Enter the second wave of education’s technology revolution: the New Credentialing. In the past few years, credentials such as online badges, course certificates and dynamic assessments have started to gain wide acceptance — and, in some fields, such as technology, are perhaps even preferred in certain instances because they offer more insight into hard skills — as a primary currency in the world of work and careers. This trend has been sparked by an implied demand, and because the communities aiming to innovate in education realized that credentialing is the missing link in the edtech revolution.

As with most bleeding-edge movements, the new credentialing paradigm is being driven by tech startups looking to innovate. Last year, after pioneering the MOOC craze, Silicon Valley’s Coursera expanded its focus beyond providing free and open education to the world and started partnering with companies, like MasterCard, to create specific training and certification programs for those organizations.

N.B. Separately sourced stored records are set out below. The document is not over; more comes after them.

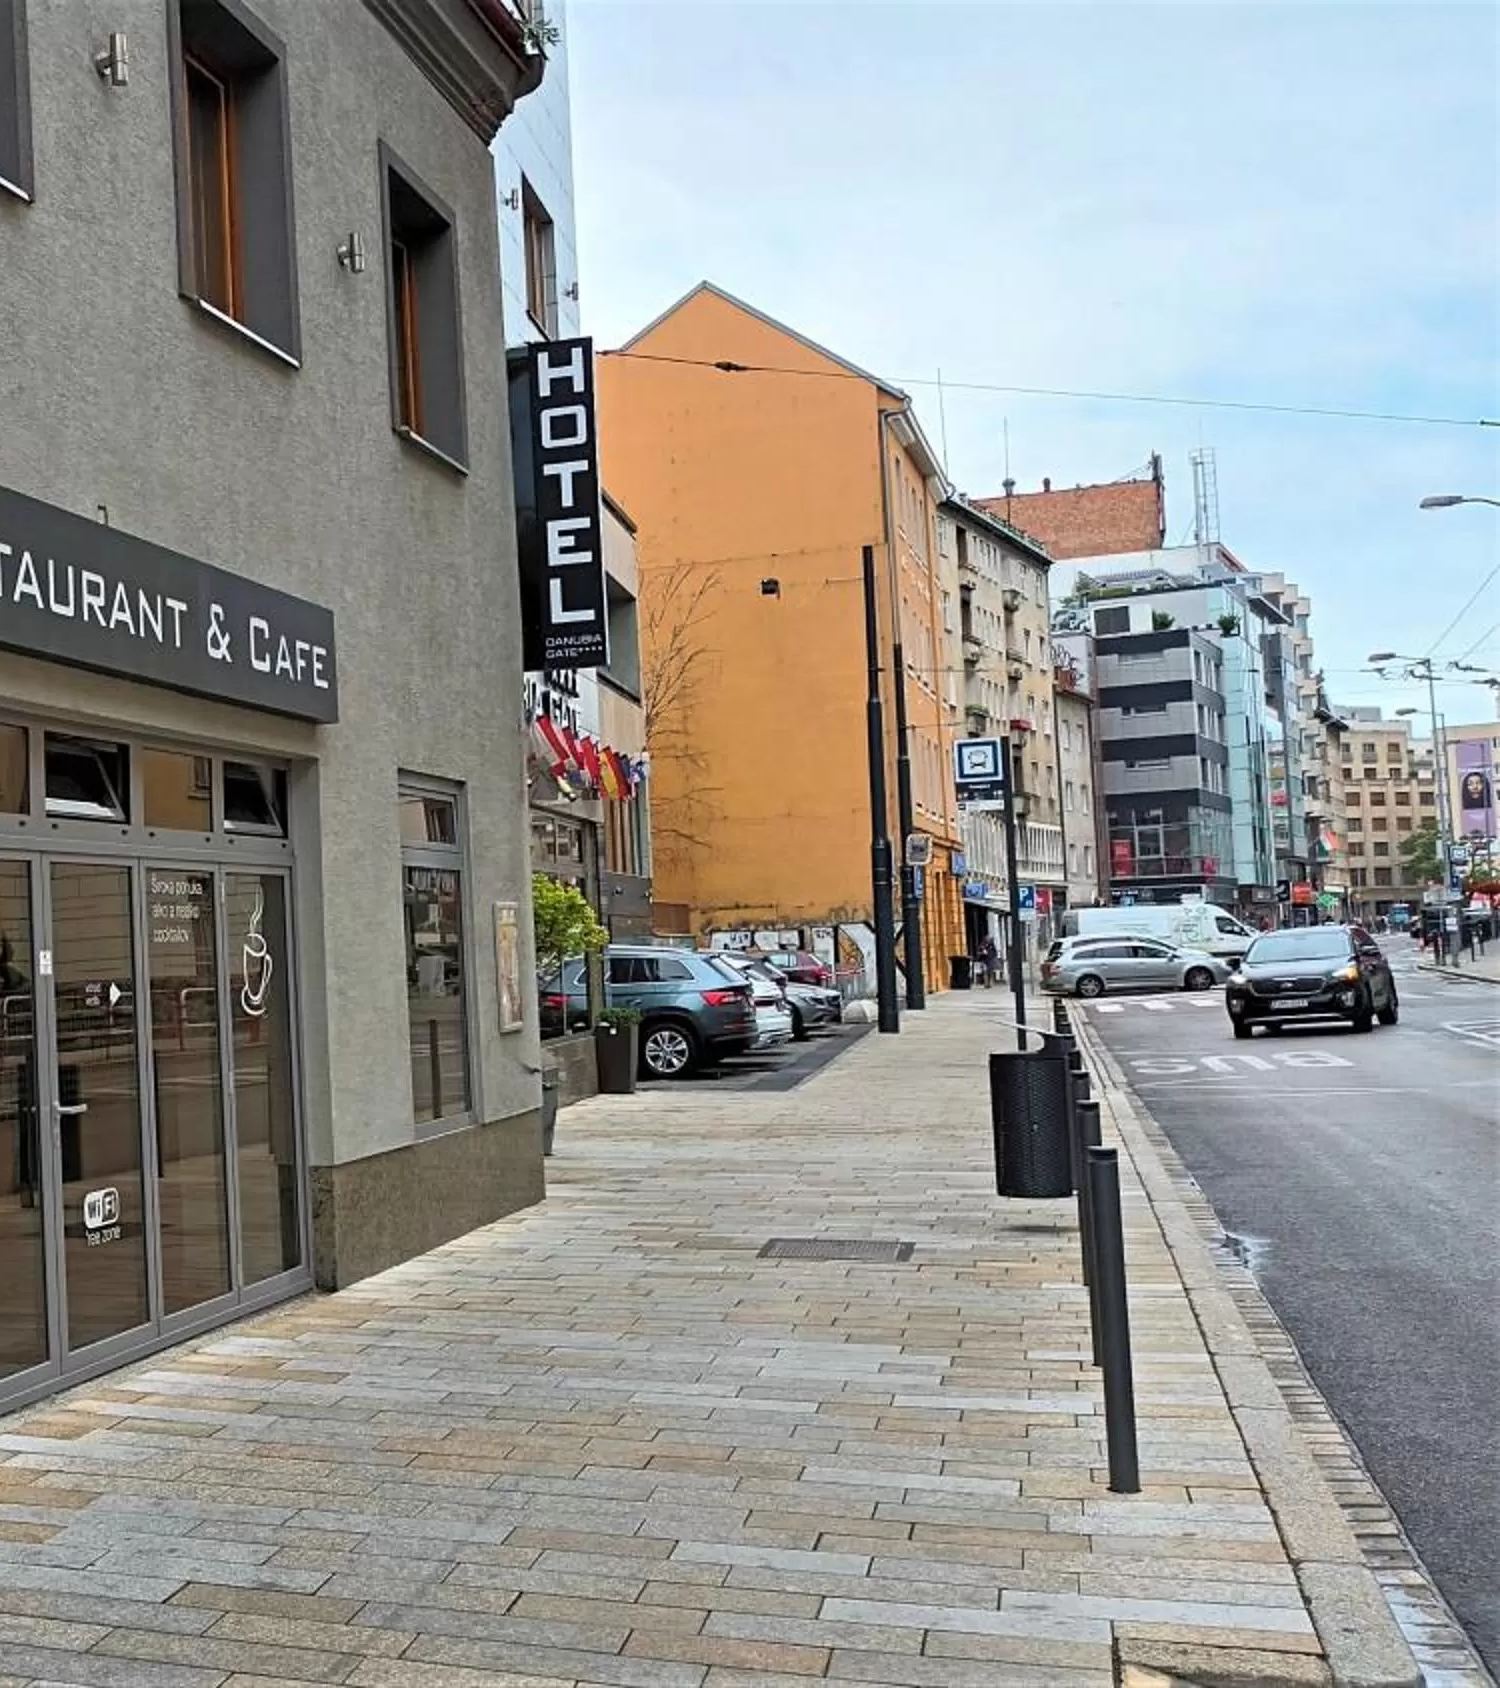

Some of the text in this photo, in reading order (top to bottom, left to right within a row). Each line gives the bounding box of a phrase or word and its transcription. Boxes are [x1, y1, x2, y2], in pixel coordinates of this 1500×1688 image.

[536, 346, 595, 624] HOTEL
[206, 603, 233, 662] &
[250, 616, 329, 689] CAFE
[545, 633, 602, 647] DANUBIA
[545, 647, 578, 659] GATE
[1129, 1050, 1355, 1074] BUS

The idea is to create certificates in collaboration with employers that carry weight in their organizations — a truly efficient way to remove the mystery in what an employer wants from a candidate.

The more data options we have, the more deliberate we can be about making good hiring decisions.

Coursera’s novel approach is part of a growing wave of new credentialing options taking shape inside the tech sector. Udacity has its Nanodegree, which ties skill assessment to projects about which employers care. General Assembly created a “microcredentialing” program designed to standardize certification for graduates of coding boot camps. My company has watched the credentialing movement unfold for years, and last year we decided to acquire Smarterer, an algorithmic platform in which users are assessed on specific skills relative to industry standards and given an SAT-like score.

We live in a time of real-time analytics, and we dashboard everything inside the organization, from sales to operational costs to customer sentiment. It’s only natural that this trend should extend into the way we vet, assess and track the skills and abilities of our prospective and current employees. The more data options we have, the more deliberate we can be about making good hiring decisions, and the more prescriptive we can be about addressing monumental skills gaps in the workplace. The college degree alone can’t provide this kind of holistic insight.

We still have some ground to cover before the modern credentials menu takes full shape. But we’re getting close, and the trend is gaining momentum despite pushing against centuries of inertia. Once the mainstreaming is complete, it will have a sweeping impact on every aspect of education and employment. It will change the incentives for pursuing a traditional four-year degree. And even for those who do, it will create new ways to differentiate based on skill, not just academic performance. The net result: an end to the college degree’s unprecedented run as the only credential that matters.